F. J. A. Daniëls, 1982 
Vegetation of the Angmagssalik District, Southeast Greenland IV. Shrub, dwarf shrub and terricolous lichens.

Abstract

This paper deals with part of the results of the Dutch phytosociological expedition in 1968 and 1969 to the Angmagssalik District, Southeast Greenland.
Shrub, dwarf shrub and terricolous lichen vegetation is treated here. The general part contains a description of the Angmagssalik District with emphasis on the applied methods.

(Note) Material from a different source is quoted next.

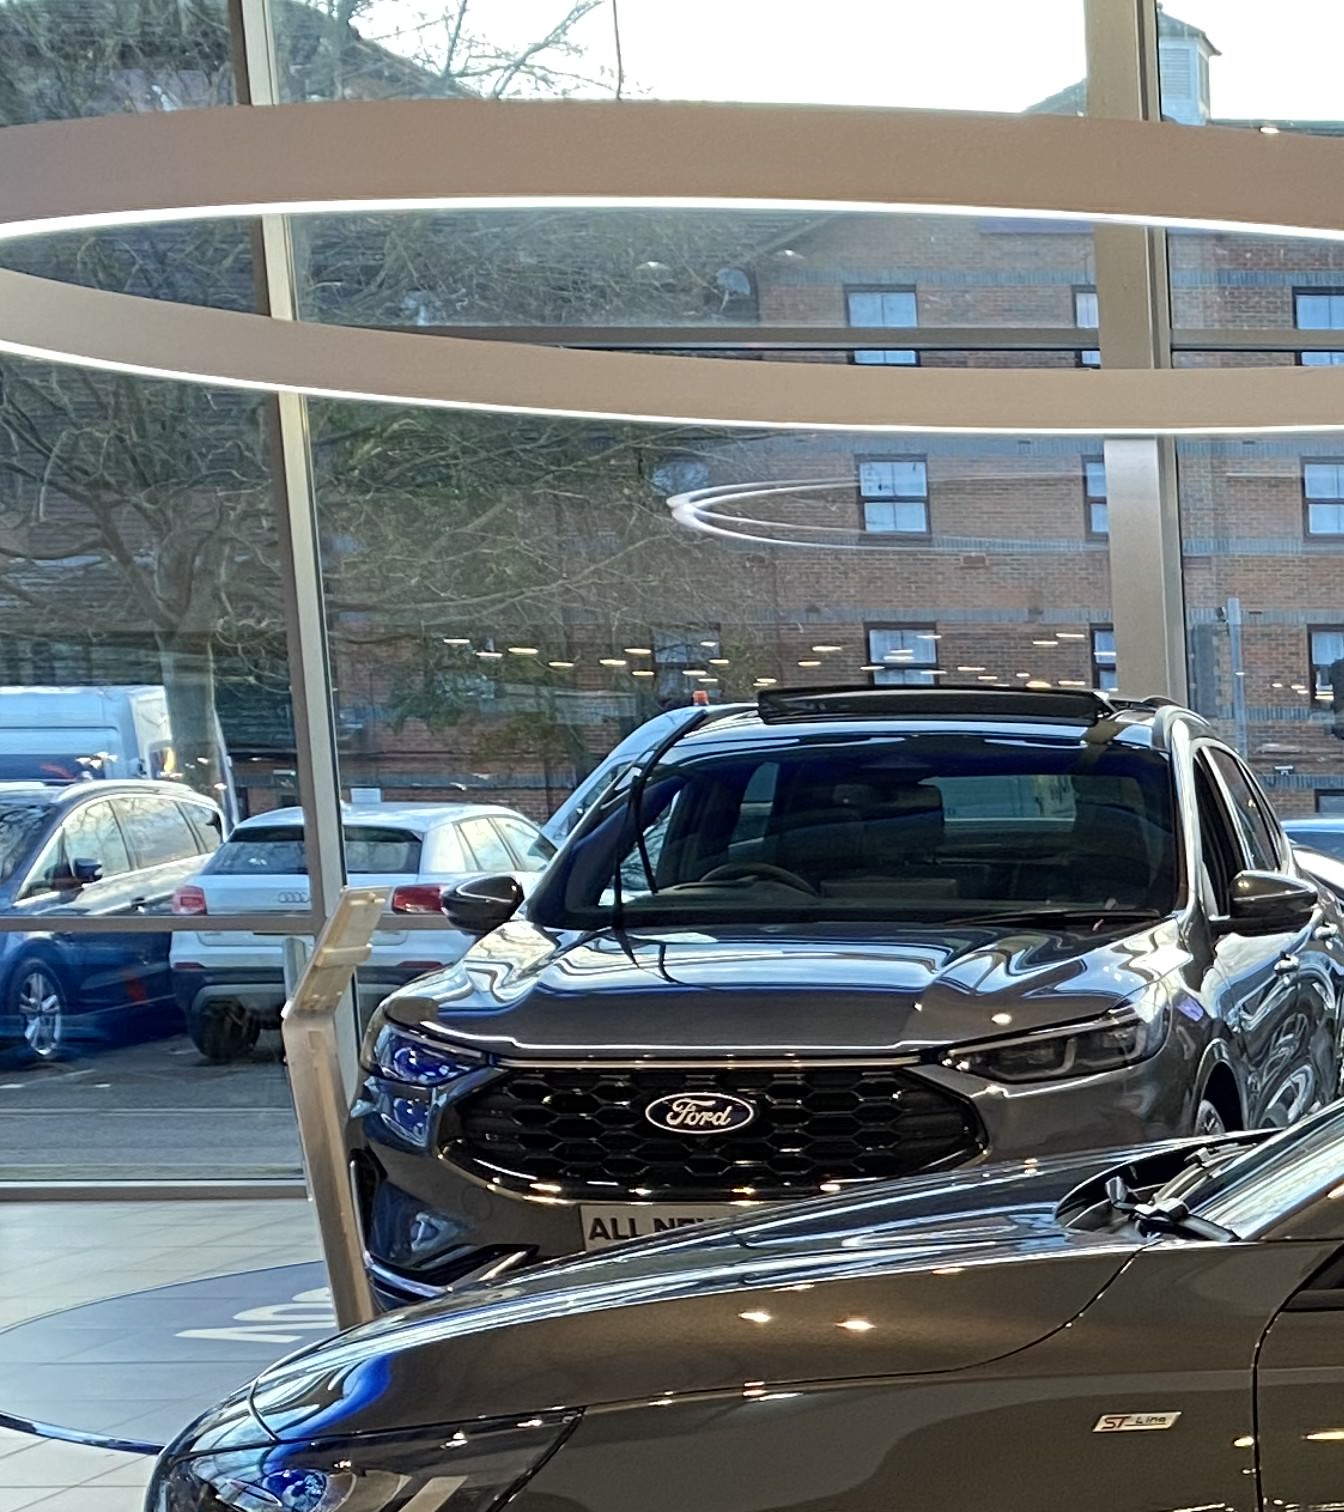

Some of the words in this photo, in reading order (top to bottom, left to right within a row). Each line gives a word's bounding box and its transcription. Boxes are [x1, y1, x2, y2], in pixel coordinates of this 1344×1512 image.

The vegetation has been studied according to concepts of the French-Swiss School. The typology is based on about 250 records. The procedure of differentiation and classification of plant communities is discussed. The term "decisive" differential taxon is introduced and defined. The association concept is considered from a regional point of view. The plant communities are arranged in a floristic hierarchic system.
Concerning habitat factors, the altitude a.s.l., slope and wind direction were measured. Other factors were roughly estimated. The soil types are indicated.

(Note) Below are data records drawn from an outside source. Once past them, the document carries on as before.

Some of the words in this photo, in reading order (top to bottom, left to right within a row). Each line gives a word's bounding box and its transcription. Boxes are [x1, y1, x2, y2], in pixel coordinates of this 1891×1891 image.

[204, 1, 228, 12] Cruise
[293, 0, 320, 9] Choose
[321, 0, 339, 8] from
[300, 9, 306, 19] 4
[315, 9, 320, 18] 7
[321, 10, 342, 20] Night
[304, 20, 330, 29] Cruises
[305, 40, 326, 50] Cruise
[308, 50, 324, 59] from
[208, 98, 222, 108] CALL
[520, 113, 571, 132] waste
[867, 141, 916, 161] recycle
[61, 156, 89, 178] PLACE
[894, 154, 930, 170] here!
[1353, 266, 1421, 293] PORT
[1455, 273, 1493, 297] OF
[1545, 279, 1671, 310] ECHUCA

The following part contains a discussion of the vegetation units, with their floristic composition and physiognomy, habitat and distribution, and syntaxonomic position. This includes 24 vegetation units, 1 complex of communities, 11 communities and 12 associations. These are designed to the classes Oxycocco-Sphagnetea, Scheuchzerio-Caricetea, Betulo-Adenostyletea, Loiseleurio-Vaccinietea, Carici-Kobresietea, Salicetea herbaceae and Juncetea trifidi. Eight new associations and 1 new alliance are presented. Some syntaxa have been revised or validated.

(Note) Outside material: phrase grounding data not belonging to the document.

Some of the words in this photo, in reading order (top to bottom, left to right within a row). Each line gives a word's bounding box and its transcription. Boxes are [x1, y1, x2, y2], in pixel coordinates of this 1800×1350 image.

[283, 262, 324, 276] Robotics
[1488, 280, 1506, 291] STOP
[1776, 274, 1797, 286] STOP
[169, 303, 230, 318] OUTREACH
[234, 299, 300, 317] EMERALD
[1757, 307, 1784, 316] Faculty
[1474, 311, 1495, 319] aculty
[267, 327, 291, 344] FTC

The classification by Molenaar (1976) of mire vegetation and chionophytic herb communities is discussed and a new classification is proposed. Dwarf shrub vegetation with Empetrum hermaphroditum and/or Vaccinium microphyllum on acid, mainly mineral soil is extremely varied in composition and physiognomy and is considered a zonal formation, which largely determines the aspect of the region. The Empetrum-Vaccinium community is the climax vegetation of the district.
The greater part of the communities and association can be assigned to alliances described from Scandinavia, and the phytosociological relationship with that region is emphasized. Only the Dryadion integrifoliae and the Cladonio-Viscarion all. nov. are not known from Scandinavia. The vegetation of the Angmagssalik District has its own character, as shown on the association level by the Sphagno-Salicetum, thee Thododendro-Vaccinietum, the Gymnomitrio-Loiseleurietum, the Carici-Dryadetum and the Cladonio-Viscarietum (all new), which are actually restricted to the area. The other 7 associations are also found at the southern and western coasts of Greenland. most vegetation types (associations and communities) have a lowarctic-oceanic distribution. A few types are also found in Iceland and Scandinavia.